Streptococcus oralis is a commensal viridans group streptococcus of the human oral cavity and a frequent cause of endovascular infection. Here, we report the complete whole-genome sequence of S. oralis strain SF100, which was originally isolated from the blood of a patient with infective endocarditis. This strain contains the lysogenic bacteriophage SM1, which enhances the virulence of SF100 in animal models of endocardial infection.

ANNOUNCEMENT

Streptococcus oralis is one of the most frequent causes of infective endocarditis (1, 2). Strain SF100 was originally isolated in 1980 from the blood of a patient with this disease, using standard clinical methods. It was originally identified as Streptococcus mitis, based on biochemical testing and 16S RNA gene sequencing (3). However, we now report that strain SF100 more closely resembles members of the species S. oralis, based on whole-genome sequencing.

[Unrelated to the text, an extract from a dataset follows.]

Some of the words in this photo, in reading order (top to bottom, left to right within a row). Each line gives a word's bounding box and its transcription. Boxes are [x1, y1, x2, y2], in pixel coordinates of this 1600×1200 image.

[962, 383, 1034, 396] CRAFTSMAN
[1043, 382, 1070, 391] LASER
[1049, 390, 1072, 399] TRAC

SF100 contains the lysogenic bacteriophage SM1, which encodes several important virulence factors, including PblA, PblB, and lysin_SM1 (4–6). Disruption of these genes results in a significant reduction in the binding of SF100 to human platelets and reduced virulence in animal models of endocarditis (5, 7). Of note, these adhesins appear to be widely prevalent among S. oralis strains of the human oral microbiome (8–10).

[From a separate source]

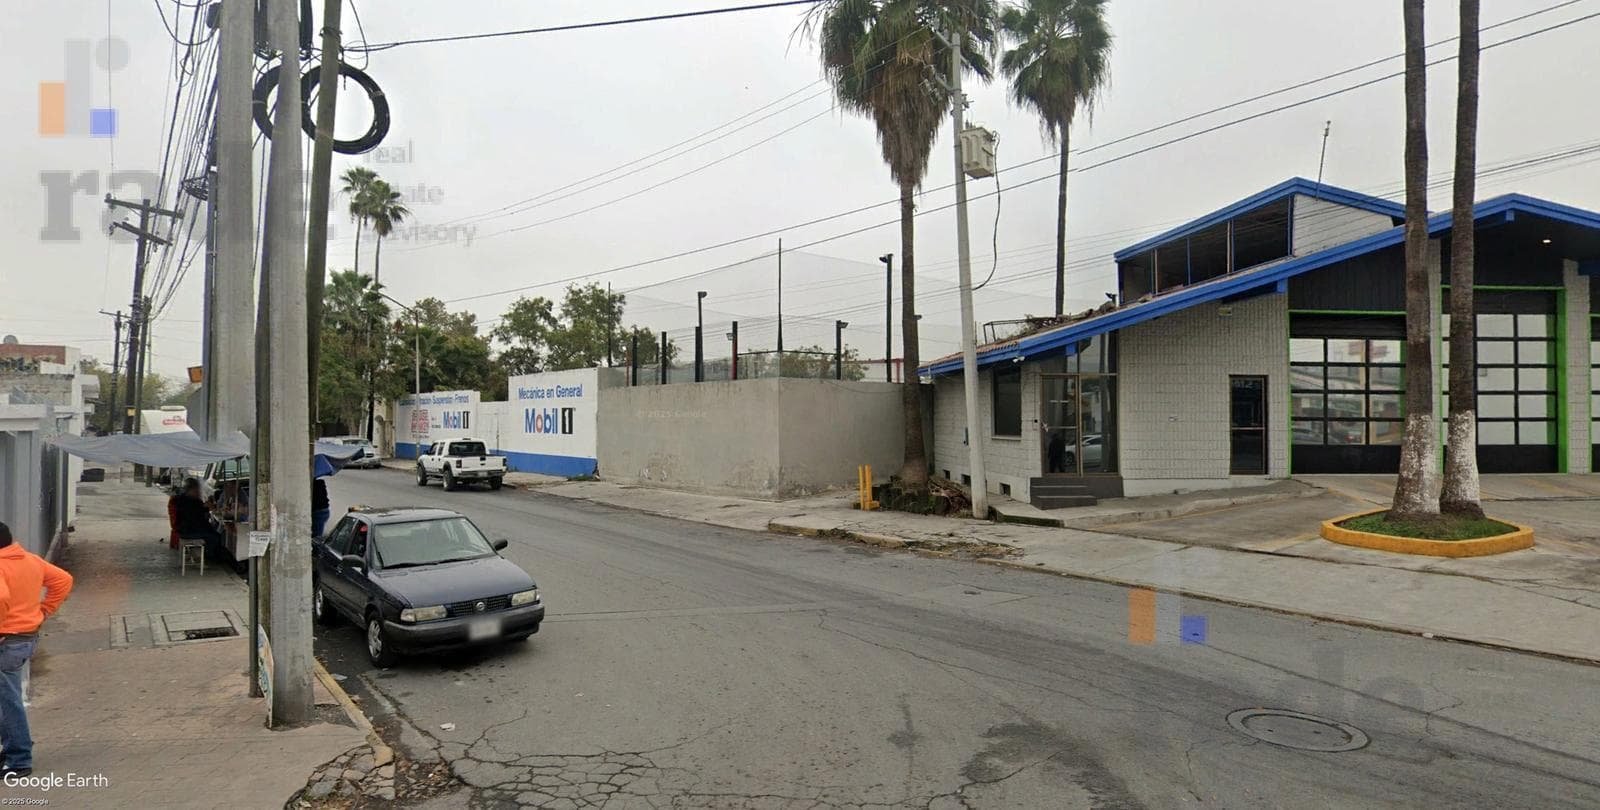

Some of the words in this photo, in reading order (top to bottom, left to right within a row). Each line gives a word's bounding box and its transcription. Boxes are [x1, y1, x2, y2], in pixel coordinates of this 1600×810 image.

[546, 388, 555, 399] en
[556, 384, 583, 398] General
[443, 410, 462, 429] Mobil
[525, 407, 558, 434] Mobil

For whole-genome sequencing, strain SF100 was grown in Todd-Hewitt broth at 37°C to an optical density (600 nm) of 0.8 to 1.0. Genomic DNA was isolated using the G-spin genomic DNA extraction kit (Intron, Seoul, South Korea). Approximately 100 ng of isolated genomic DNA was sequenced using the RS II platform (Pacific Biosciences [PacBio], Menlo Park, CA, USA) at Macrogen Co., Ltd. (Seoul, South Korea). The DNA library was prepared using a single-molecule real-time (SMRT) Cell 8Pac v3 and the P6 DNA polymerase binding kit (PacBio). Reads were filtered and assembled using Canu v1.7 (correctedErrorRate = 0.015) (11). The sequencing yielded 140,974 subreads (1.11 Gbp). The mean subread length and N₅₀ value were 7,905 bp and 12,037 bp, respectively. After assembly, strain SF100 contained one contig of 1,969,104 bp, with a G+C content of 41.5 mol%. To assess the completeness of genome assembly, Benchmarking Universal Single-Copy Orthologs (BUSCO) v3.0 analysis of the bacteria_odb9 data set (148 orthologs) was performed (12). This showed 96.6% complete orthologs and 3.4% missing orthologs. The assembled genome contained 1,909 genes annotated by the Prokaryotic Genome Annotation Pipeline (PGAP) v5.1 of the National Center for Biotechnology Information (13, 14). Protein sequences of each single-copy ortholog group were aligned using MAFFT v7.435 with the auto option (15). A phylogenetic tree of 1,010 single-copy ortholog genes was built by the maximum likelihood method using RAxML v8.2.12 with the -m PROTGAMMAAUTO -p 1000 options (16). In the phylogenetic tree (Fig. 1), strain SF100 clustered with the S. oralis group. The results of the phylogenetic tree indicate that SF100 is a member of S. oralis. Default parameters were used for all software unless otherwise specified.

FIG 1.

Maximum likelihood phylogenetic tree of single-copy ortholog genes in strains of S. oralis, S. mitis, and SF100. The GenBank assembly accession number for each strain is shown in parentheses. The numbers indicate the length. The phylogenetic tree showed that the S. oralis group and the S. mitis group were clearly distinguished, and strain SF100 was closely related to the S. oralis group. The scale bar indicates 0.05 substitution per nucleotide position.

Data availability.

The whole-genome sequence of S. oralis SF100 has been deposited in DDBJ/EMBL/GenBank under the accession number CP066172. The BioProject, BioSample, and SRA accession numbers are PRJNA685325, SAMN17082796, and SRR13854333, respectively.